Items listed in a dataset:
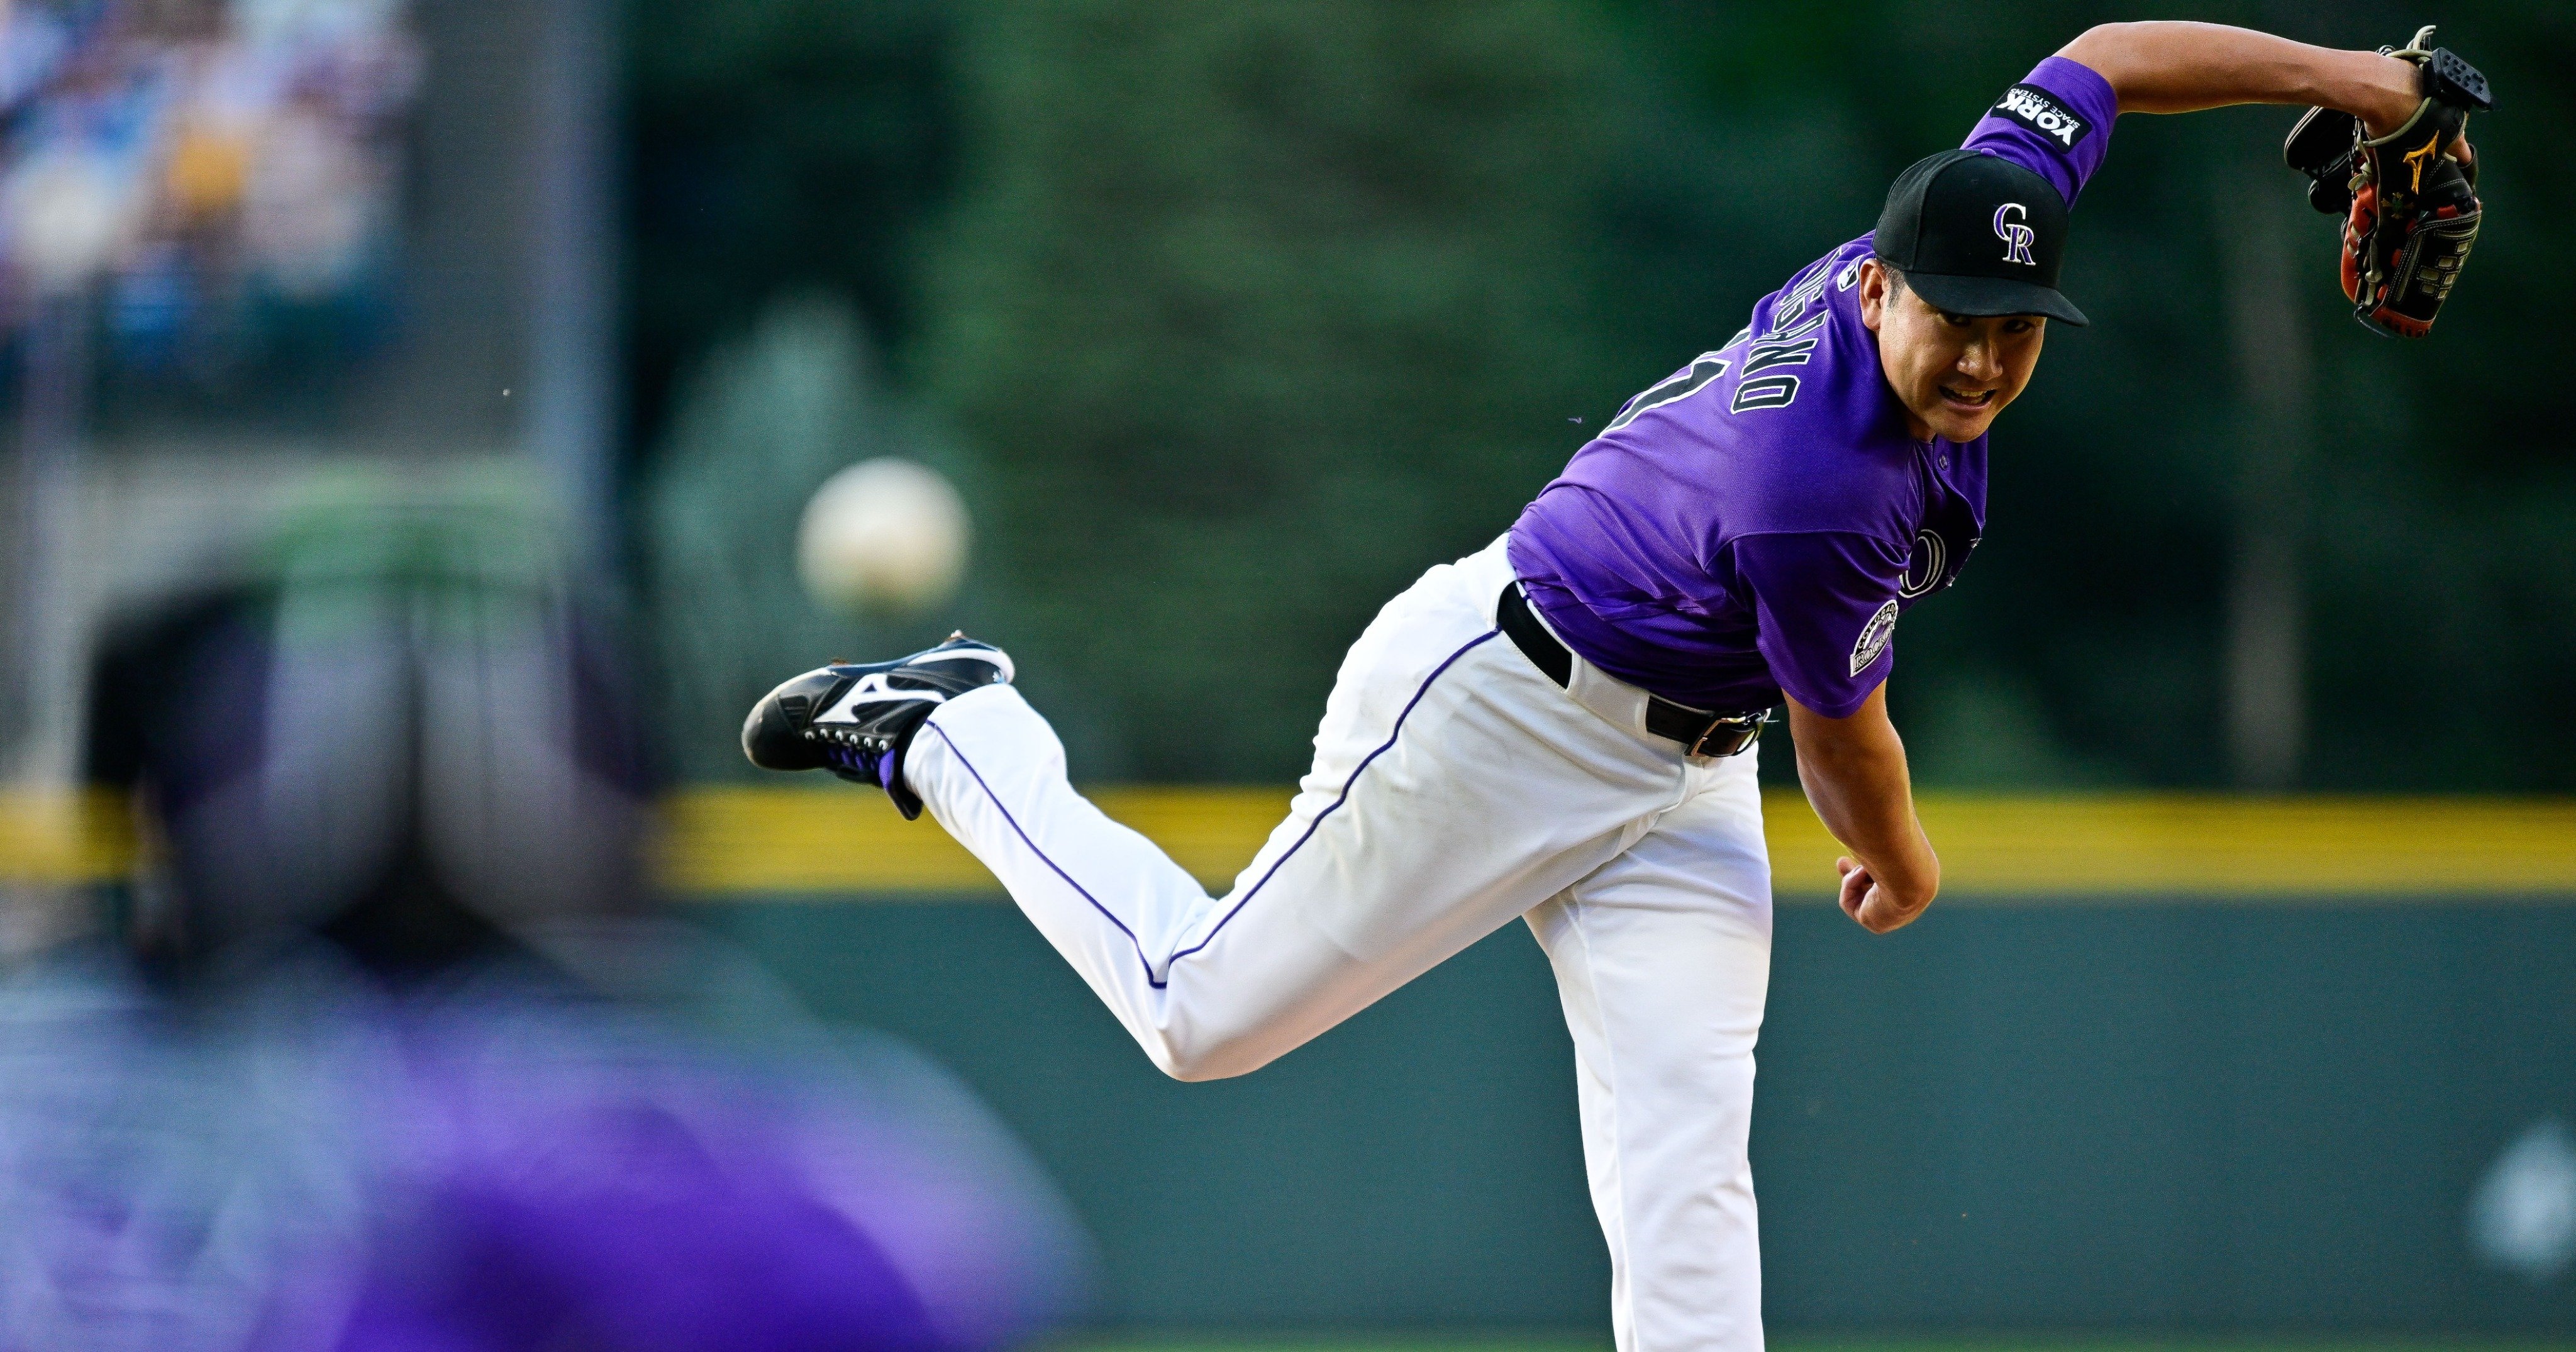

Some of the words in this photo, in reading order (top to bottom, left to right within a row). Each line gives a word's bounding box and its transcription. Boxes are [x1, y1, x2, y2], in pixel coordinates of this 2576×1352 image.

[2009, 88, 2051, 108] SYSTEMS
[1996, 93, 2075, 146] YORK
[2050, 106, 2081, 129] SPACE
[1993, 202, 2036, 266] CR
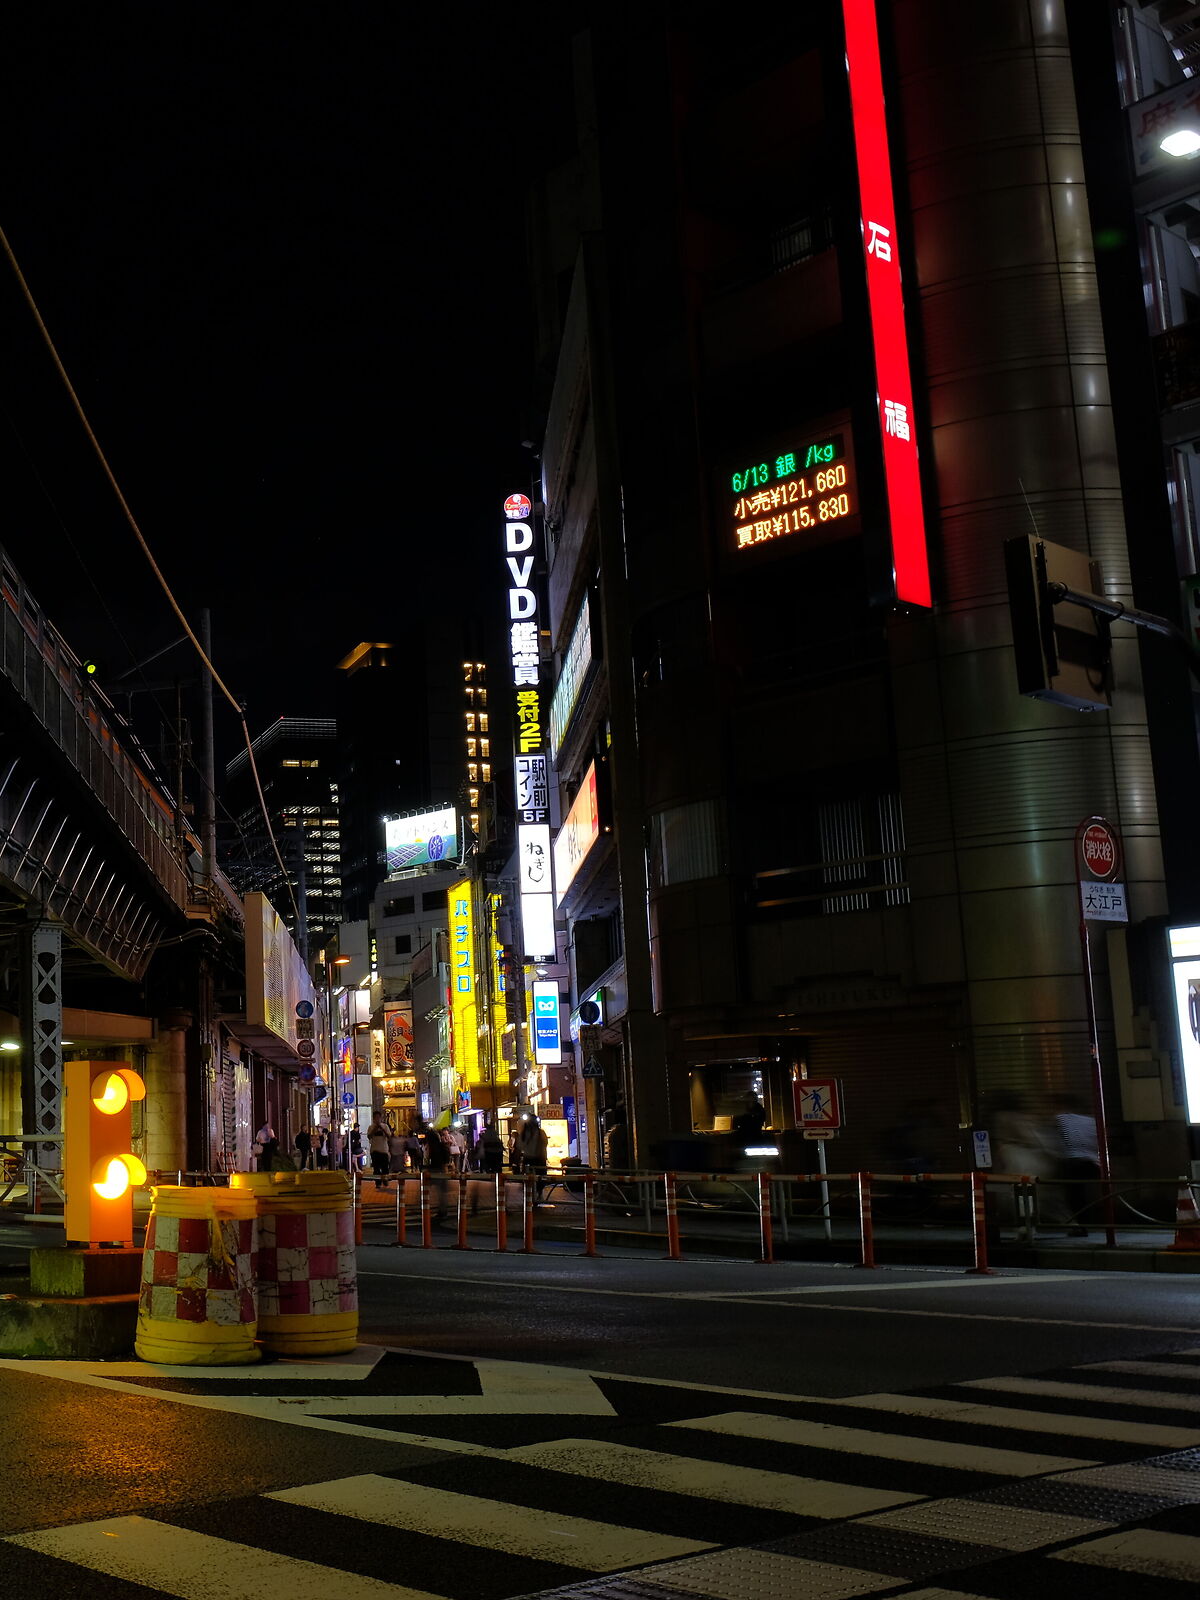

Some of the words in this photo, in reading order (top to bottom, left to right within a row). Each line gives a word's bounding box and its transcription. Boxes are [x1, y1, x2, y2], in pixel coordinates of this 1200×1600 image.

[732, 463, 769, 493] 6/13
[775, 453, 796, 478] 銀
[805, 444, 834, 468] /kg
[505, 522, 540, 686] DVD鑑賞
[516, 690, 542, 753] 受付2F
[518, 759, 533, 807] コイン
[531, 759, 547, 807] 駅前
[523, 810, 545, 822] 5F
[526, 841, 544, 883] ねぎし
[1086, 840, 1112, 861] 消火栓
[1085, 894, 1122, 910] 大江戸
[455, 900, 471, 992] パチスロ
[301, 1045, 311, 1053] 30
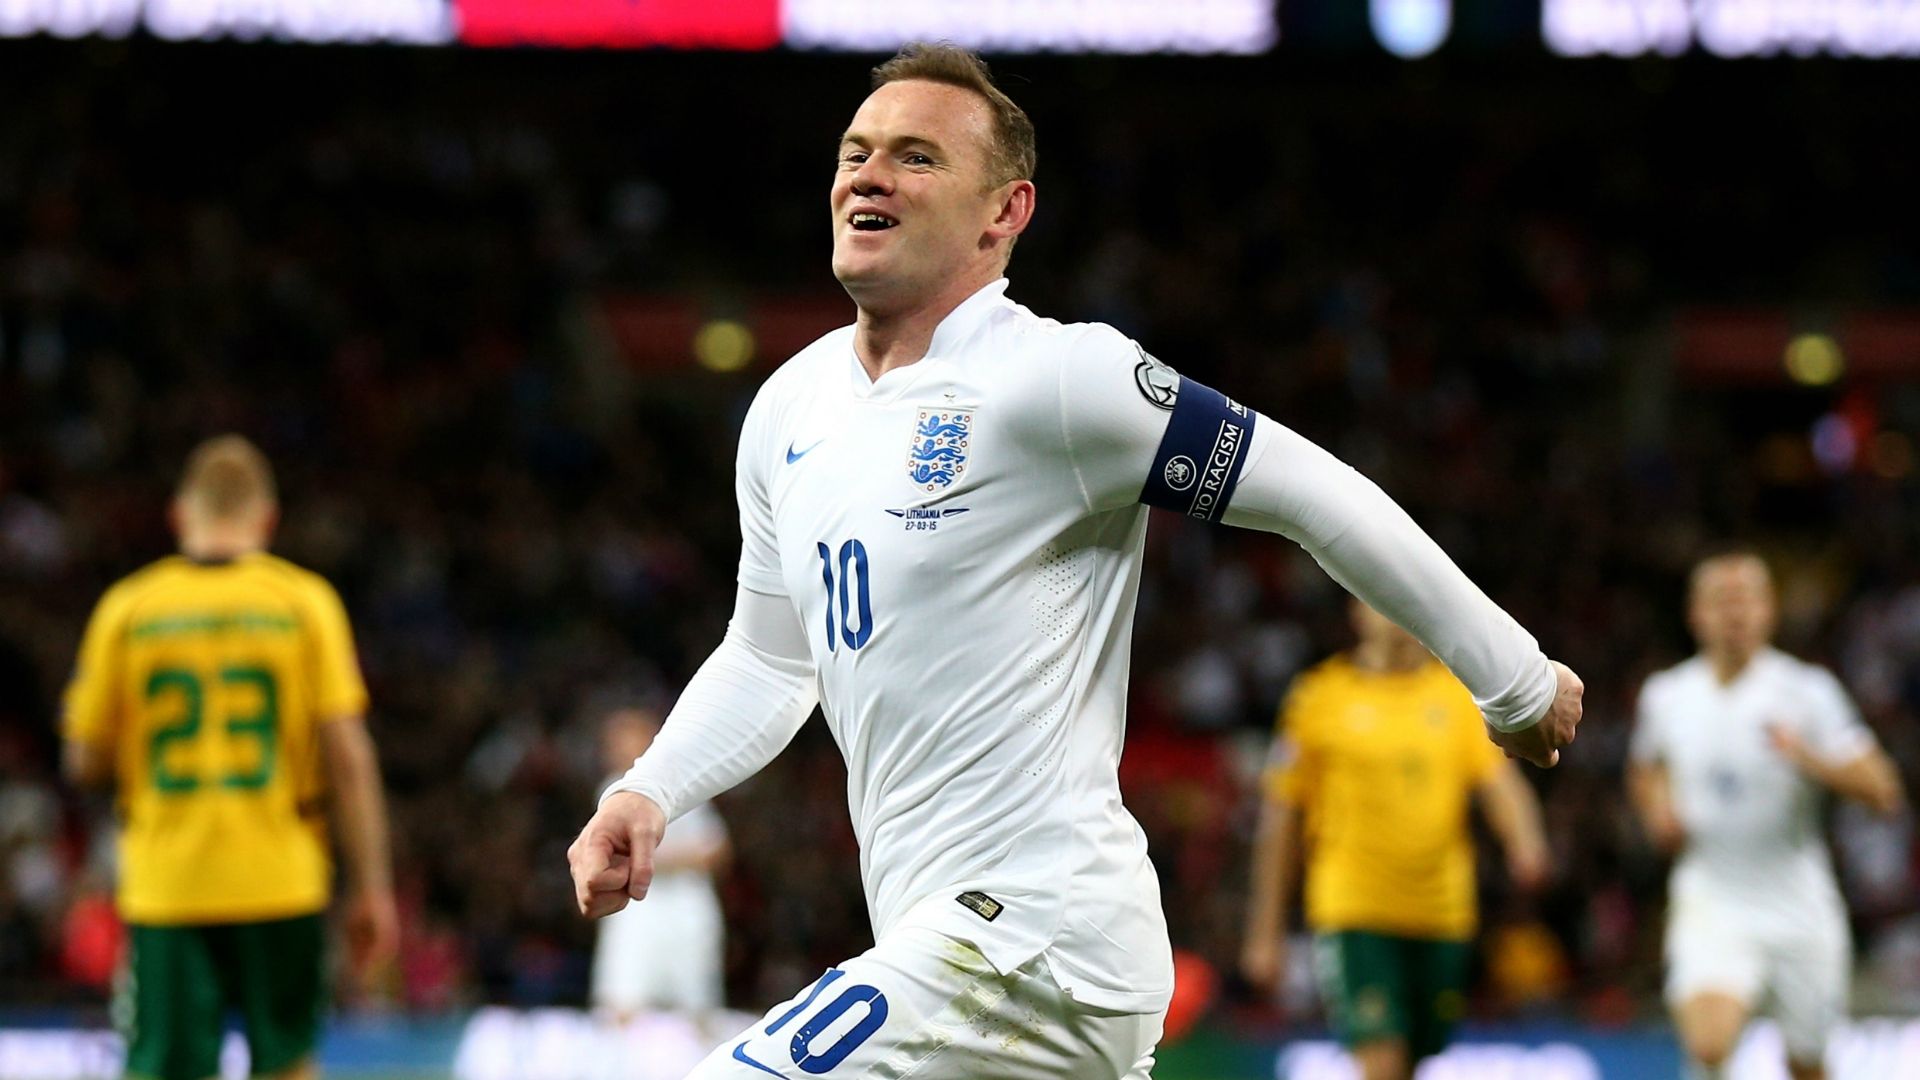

### REQUIREMENT
Return the entries above exactly and in full; do not include images.

### COMPLETED TASK
Some of the words in this photo, in reading order (top to bottom, left to right within a row). Each line gives a word's bounding box and its transcription. Boxes are [x1, y1, x2, y2], in pixel coordinates of this 2576×1352 image.

[2009, 88, 2051, 108] SYSTEMS
[1996, 93, 2075, 146] YORK
[2050, 106, 2081, 129] SPACE
[1993, 202, 2036, 266] CR

Some of the words in this photo, in reading order (top to bottom, left to right within a row). Each line gives a word's bounding box and its transcription. Boxes are [x1, y1, x2, y2], in pixel coordinates of this 1200×1600 image.

[732, 463, 769, 493] 6/13
[775, 453, 796, 478] 銀
[805, 444, 834, 468] /kg
[505, 522, 540, 686] DVD鑑賞
[516, 690, 542, 753] 受付2F
[518, 759, 533, 807] コイン
[531, 759, 547, 807] 駅前
[523, 810, 545, 822] 5F
[526, 841, 544, 883] ねぎし
[1086, 840, 1112, 861] 消火栓
[1085, 894, 1122, 910] 大江戸
[455, 900, 471, 992] パチスロ
[301, 1045, 311, 1053] 30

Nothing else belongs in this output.